Ocala, Fla.—Jan. 30—Nearly 50 participants headed to the Florida Horse Park today for the start of the 2024 USEA Eventing Coaches Program Symposium.
Each day, participants pair up with ECP Faculty members to discuss demo rides, brainstorm ideas, and create lesson plans. They also have the opportunity for question-and-answer sessions with top professionals in the sport.
Dressage judge Peter Gray kicked off Tuesday morning discussing the German training scale (rhythm, relaxation, contact, straightness, impulsion, collection) and what he looks for as a judge. He gave tips for test riding, which he thinks of as almost a different sport than training at home.
“Happy horse equals happy judge, and that’s what it’s all about. I studied longer to become a five-star judge than my neighbor who’s a neurosurgeon,” he said with a laugh. “When I was competing it wasn’t acceptable practice to speak to the judge about your test, and we didn’t have ride-a-tests, we didn’t have trainer-rider symposiums—I thought I knew what the judge was looking for, but really, I didn’t. Now we have a chance to really educate people in what the judge is looking for and how as trainers can we help our students become more successful?”
He noted he sees a lot of short necks, shortness in the gaits, and restriction in the warm-up ring and at clinics, and while some of those techniques might work momentarily in training, “in the test it’s all about putting a smile on and showing the best gaits your horse can show. Judges are looking for and judging for freedom of gaits—no constraint, no restriction. If we see a short neck, then this is not what the judge is looking for. I would encourage you as trainers to really take a look at the final frame your horse is presenting before he goes down centerline.”
The group then moved outside to watch three riders go through a Novice, Training, and Intermediate dressage test while Gray provided commentary.
The first pair, Mary Burke and Valentino, rode through a Novice test. The gelding was a lovely mover but a bit behind the vertical at times. “Behind the vertical, for me, should never exist, especially in competition,” he said. “To have a horse that’s up and behind the vertical, the neck has to be short, and there has to be restriction. Working in a long and low frame, if we add an element of roundness and submission, we call this deep. This is good to get them to relax behind the saddle and swing in their hips.”
At Beginner Novice through Training, he said he’s happy if the poll is the same level as the wither. If the horse has their nose a little ahead of the vertical but the contact with the rider’s hands is steady and confident and showing suppleness and bend, the frame is “perfectly adequate.” Gray said he notices that the short neck is sometimes rewarded at the upper levels, but he’s doing his best to stick to his principles and reward a more correct frame.

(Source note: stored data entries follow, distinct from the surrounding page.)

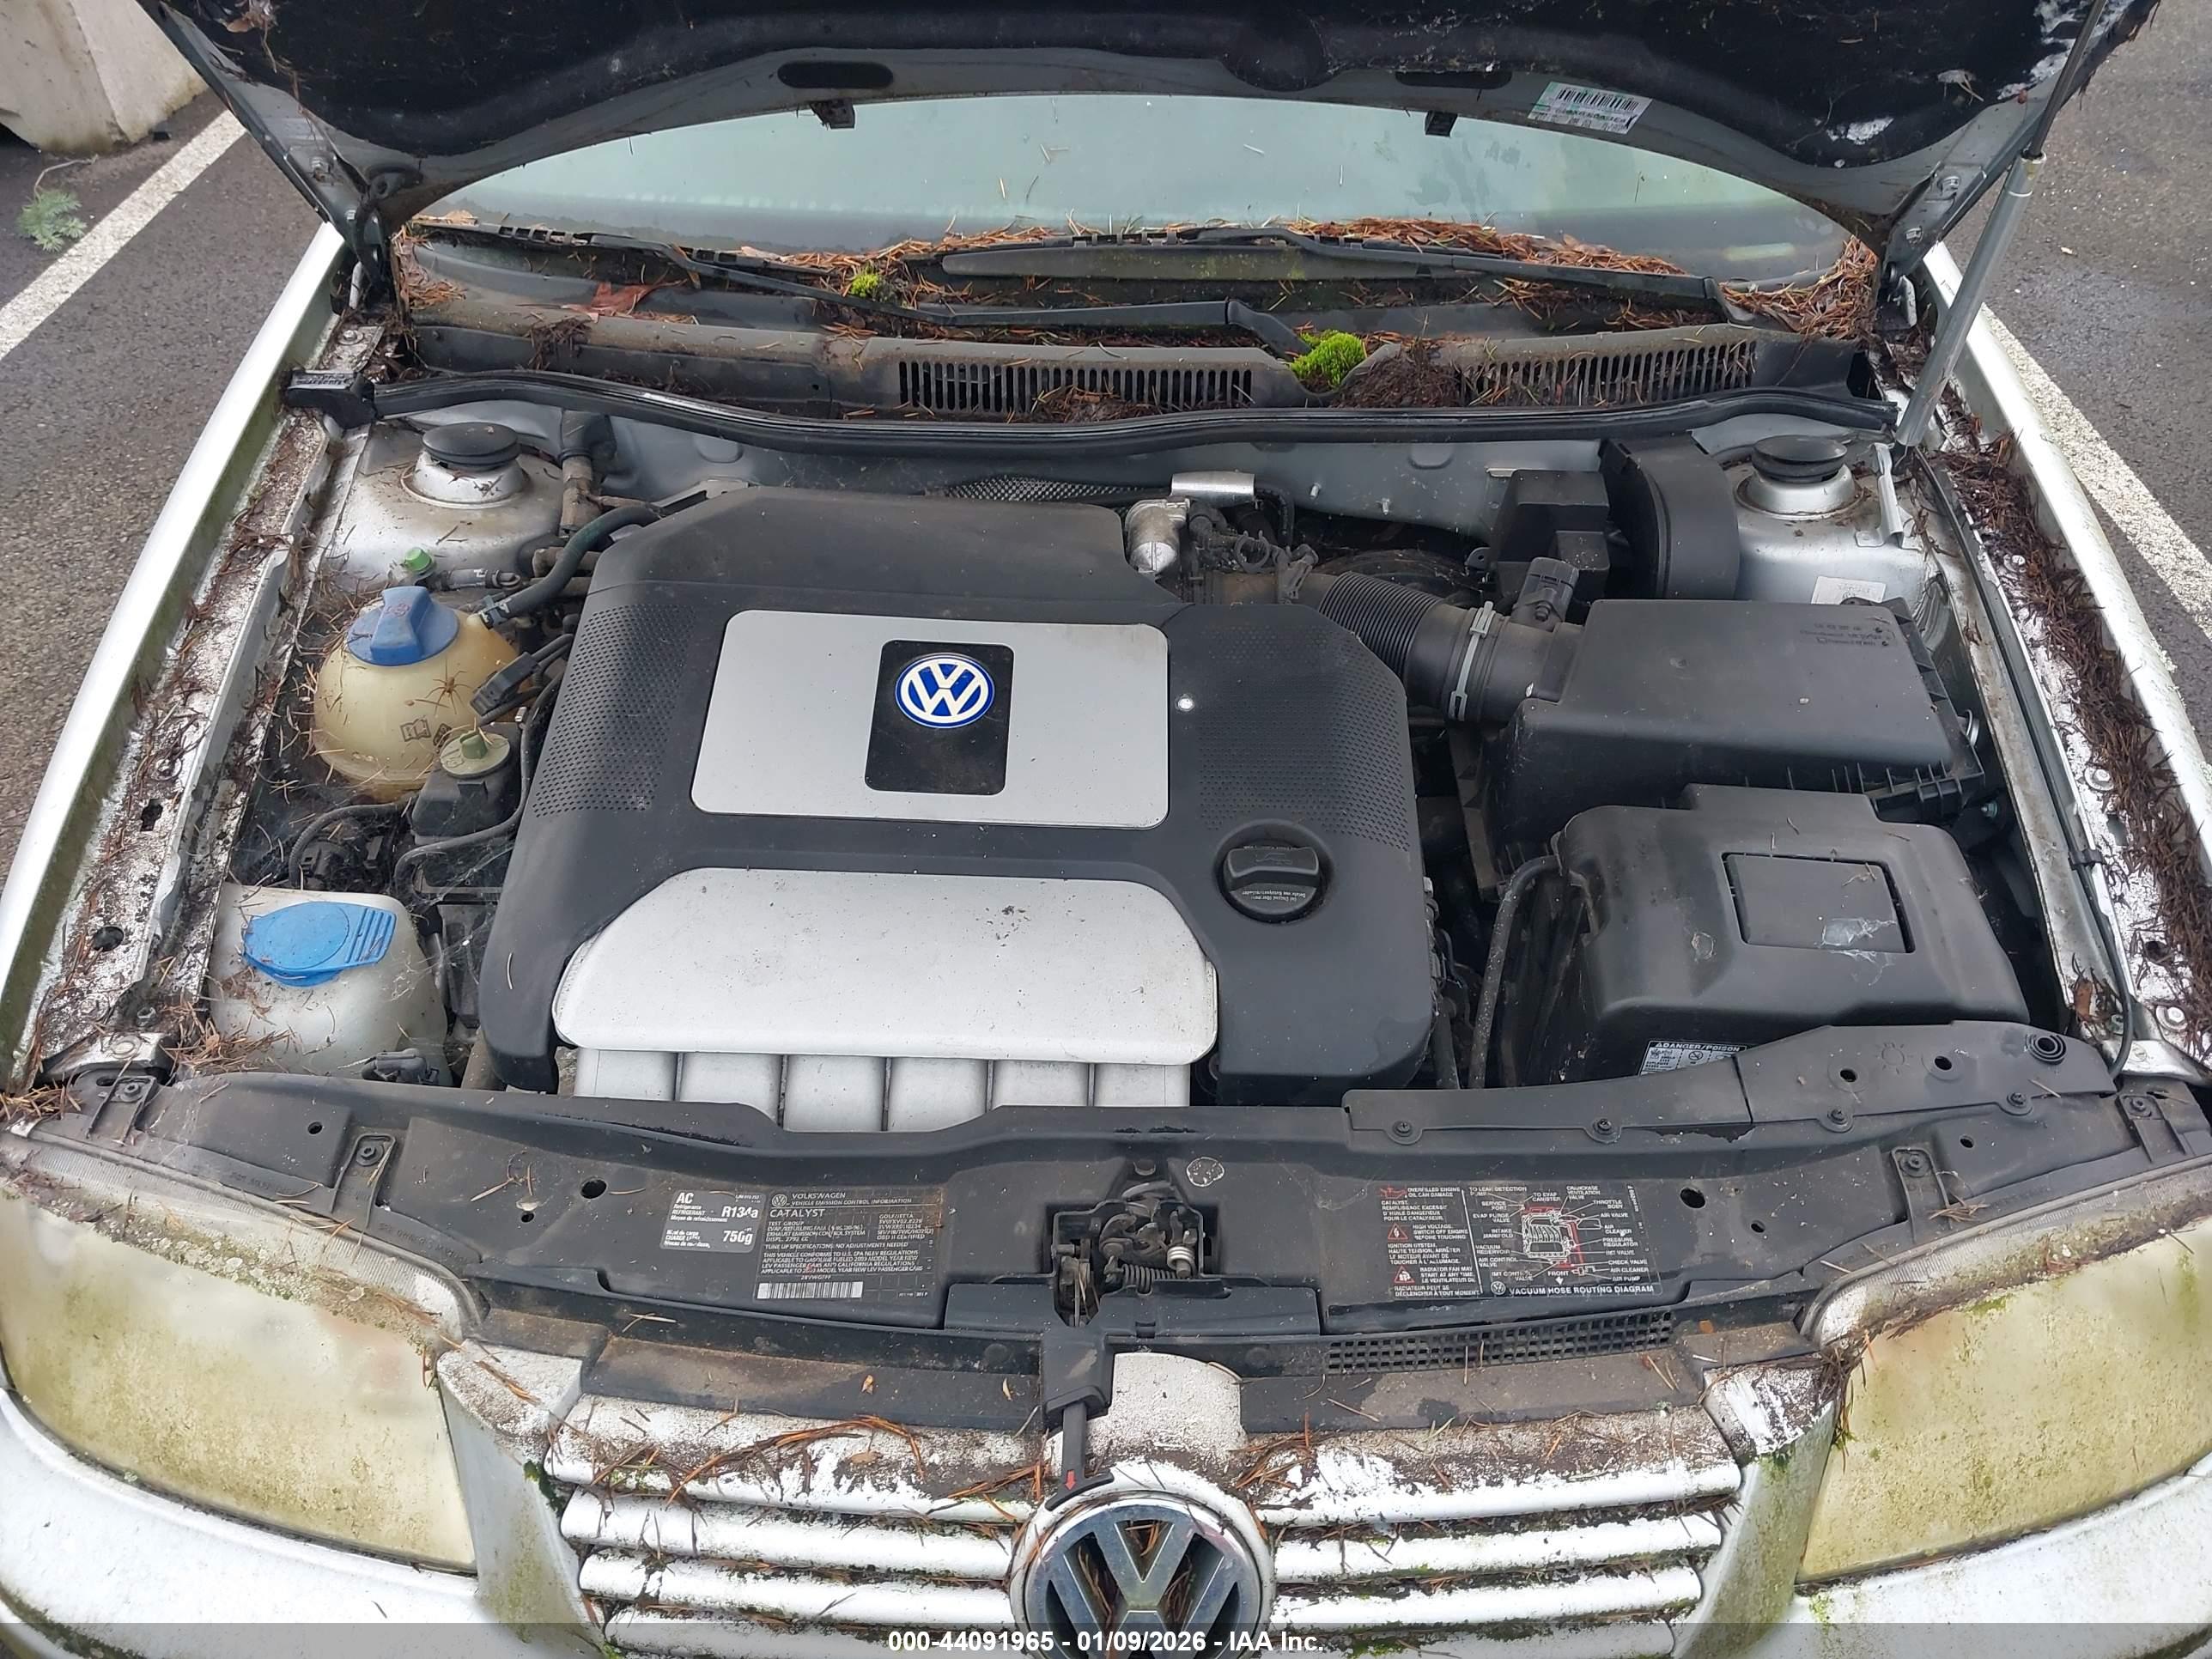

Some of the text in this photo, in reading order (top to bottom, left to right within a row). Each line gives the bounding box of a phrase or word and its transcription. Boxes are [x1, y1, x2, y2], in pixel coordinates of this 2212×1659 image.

[1663, 1042, 1740, 1052] DANGER/POISON
[676, 1193, 694, 1204] AC
[721, 1206, 759, 1218] R134a
[769, 1209, 825, 1218] CATALYST
[723, 1230, 753, 1245] 750g

Gray emphasized that he tells lower level riders to stay out of the corners.
“They look at me like I have two heads because all of their coaches tell them to do go deep into the corner,” he said. “In training, it’s important for the horse to be confident going into the corner, and any exercises I do with my young horses involves the corner, and it sort of holds their hind quarter and prevents them from swinging outwards. Understand that there’s training and there’s what exercises we do in the warm-up to prepare for the competition.

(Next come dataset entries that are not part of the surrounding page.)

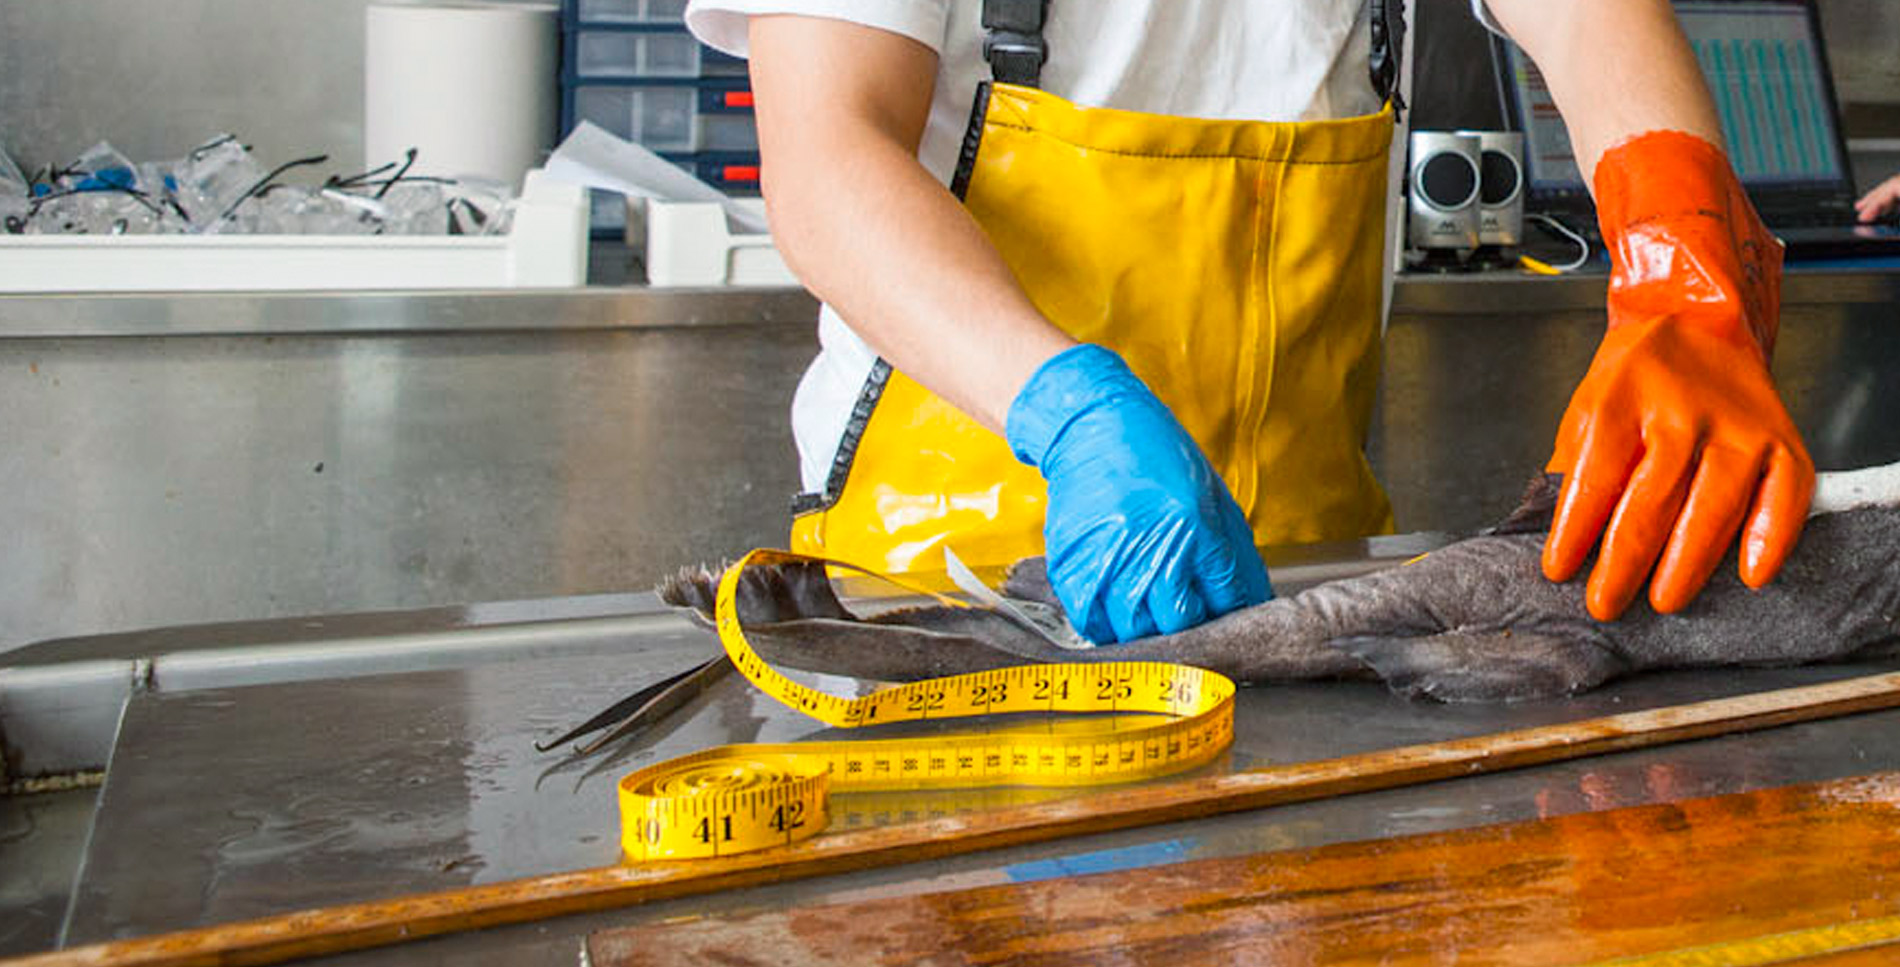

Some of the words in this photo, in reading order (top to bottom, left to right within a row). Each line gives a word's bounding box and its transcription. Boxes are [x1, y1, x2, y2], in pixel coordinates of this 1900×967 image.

[907, 692, 944, 711] 22
[971, 683, 1008, 707] 23
[1033, 679, 1069, 701] 24
[1096, 679, 1132, 701] 25
[1158, 681, 1192, 704] 26
[692, 816, 735, 843] 41
[769, 800, 805, 832] 42

“With lower-level horses I encourage my students to stay out of the corner and show bend,” he continued. “The further up the levels in competition you go, there’s an expectation of collection and that the horse has the power and balance to go deeper into the corner. But not at Beginner Novice, Novice, and Training. Round off the corner and show bend.”

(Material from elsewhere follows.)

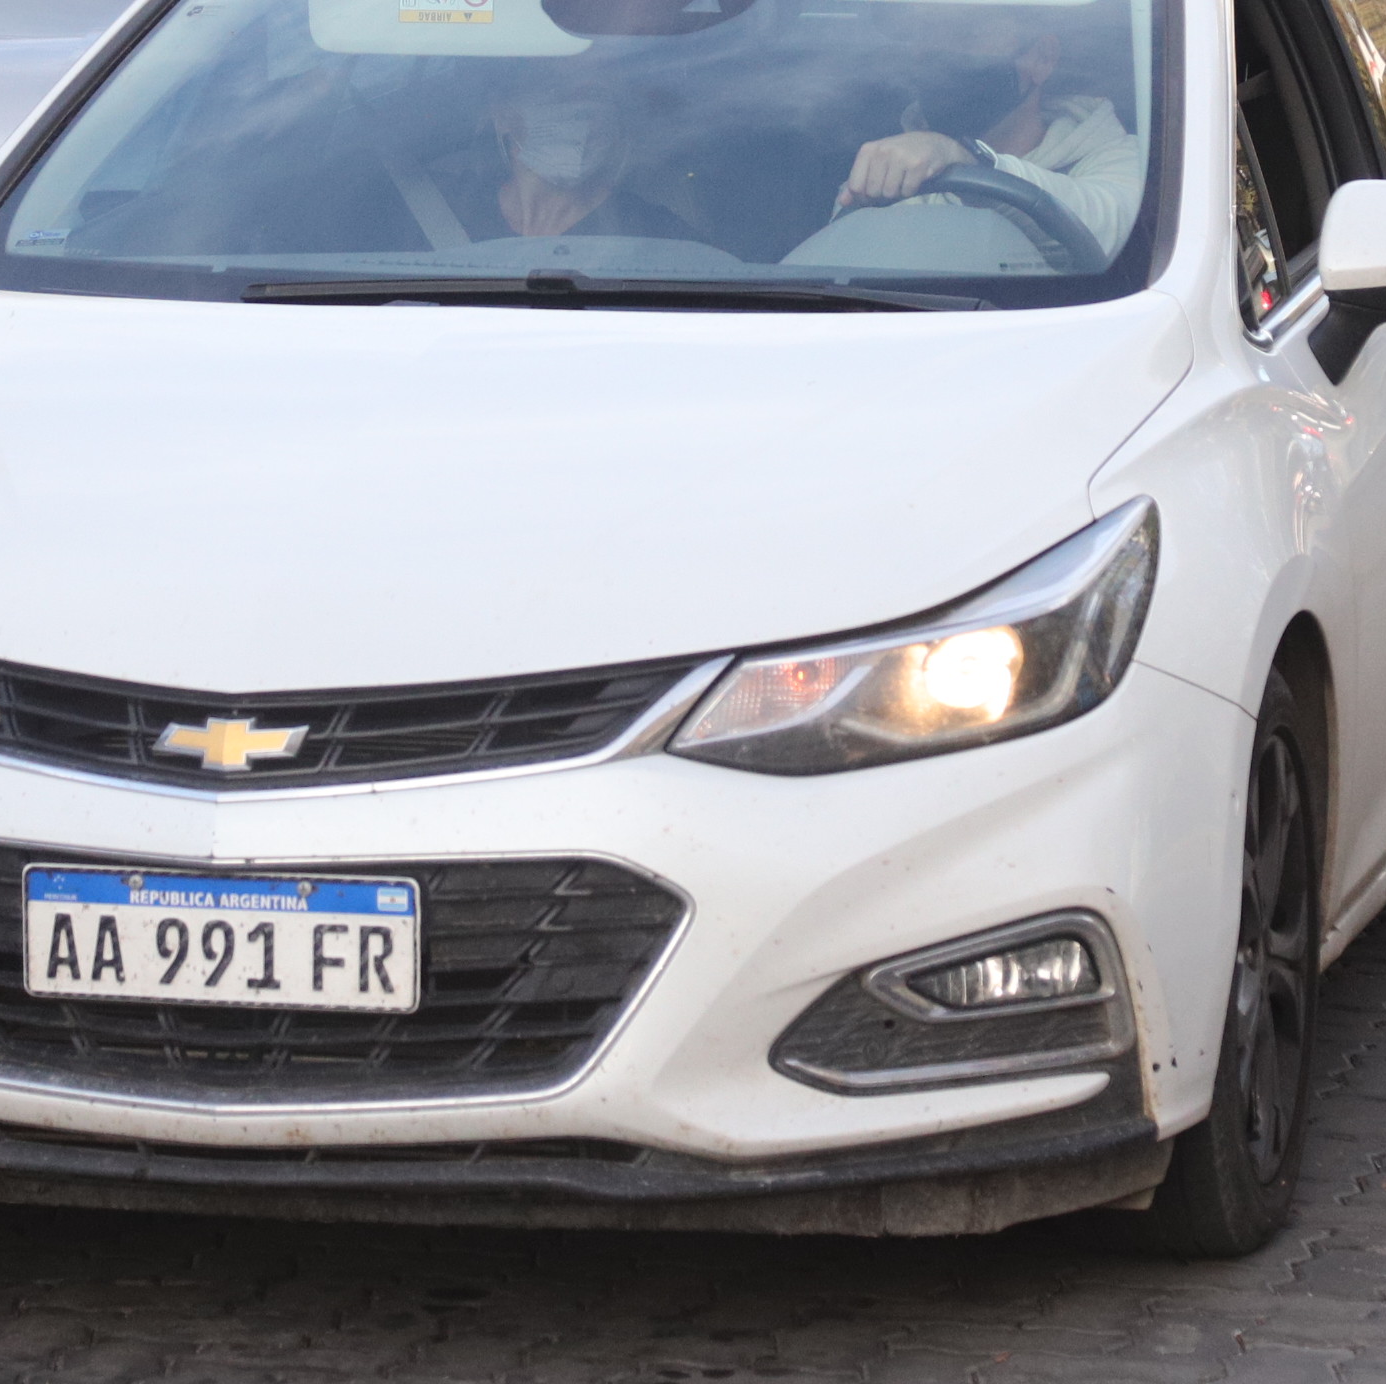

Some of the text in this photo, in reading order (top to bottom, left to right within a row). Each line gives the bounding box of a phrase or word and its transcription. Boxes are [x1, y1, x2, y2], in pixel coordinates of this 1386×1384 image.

Gray also looks for hands that are still but not locked. “When the horse is moving at the walk, the biomechanics of the way the horse walks is that his nose is going forward and back,” he said. “Riders that have locked contact can create a horse that’s behind the vertical or short in the neck or make the rhythm of the walk lateral. This connection cannot be snatchy. Follow the motion.”
He described modifiers—for example, if the quality of the trot is a 7 to him, and on a 20-meter circle the horse showed suppleness and flexion, then he might give that movement a 7.5. If the horse was nice and engaged and had impulsion, some judges might go to an 8. Things that affect that gait scores are modifiers.
He reminded the group that the test directives are for the riders to know what the judges are looking for and the criteria of that movement, not for telling the judge how to judge each move.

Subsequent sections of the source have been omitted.